Apert syndrome: quantitative assessment by CT scan of presenting deformity and surgical results after first-stage reconstruction.

We reviewed our experience with eight infants or young children (less than 2 years of age) who presented sequentially with Apert syndrome. Using a method of 14 measurements taken from the cranio-orbitozygomatic region in preoperative and postoperative CT scans of these patients, we documented their presenting skeletal morphology and the results of surgical correction at least 1 year after surgery. Significant preoperative findings included a wide anterior cranial vault at 110 percent of normal, a maximum cranial length that averaged only 90 percent of normal, a substantially widened anterior interorbital distance of 117 percent of normal, an increased lateral interorbital distance (112 percent of normal), and a widened bitemporal width at 122 percent of normal. Globe protrusion was significant at 121 percent of normal, and the medial orbital wall distance (length) was less than normal at 92 percent.
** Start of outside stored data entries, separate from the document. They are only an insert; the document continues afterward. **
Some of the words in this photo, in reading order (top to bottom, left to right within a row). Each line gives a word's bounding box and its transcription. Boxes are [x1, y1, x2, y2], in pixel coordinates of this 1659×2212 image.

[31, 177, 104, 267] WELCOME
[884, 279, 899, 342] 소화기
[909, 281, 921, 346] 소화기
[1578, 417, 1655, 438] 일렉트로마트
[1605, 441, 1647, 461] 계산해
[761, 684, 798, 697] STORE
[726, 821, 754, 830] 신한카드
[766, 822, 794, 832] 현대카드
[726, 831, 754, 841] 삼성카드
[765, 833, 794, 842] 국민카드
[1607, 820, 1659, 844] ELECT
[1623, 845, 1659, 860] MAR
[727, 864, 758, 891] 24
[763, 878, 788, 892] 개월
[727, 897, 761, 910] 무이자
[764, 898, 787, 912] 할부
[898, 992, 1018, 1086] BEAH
In the upper midface (zygomatic) region, both the distance between the zygomatic buttresses and the interarch distance were found to be increased at 109 percent of normal, while the zygomatic arch lengths were substantially shortened at 79 percent of normal. Results of surgical correction, as documented by CT scan measurements, showed that more than a year after surgery, skeletal morphology had changed from preoperative measurements but that none of the craniofacial measurements had significantly improved (p < 0.05) in comparison with those of age-matched controls. Quantitative measurement of CT scans of the cranio-orbitozygomatic region confirmed clinically observed findings in these patients before cranio-orbital reconstruction in infancy and early childhood and proved useful in assessing the surgical results over time.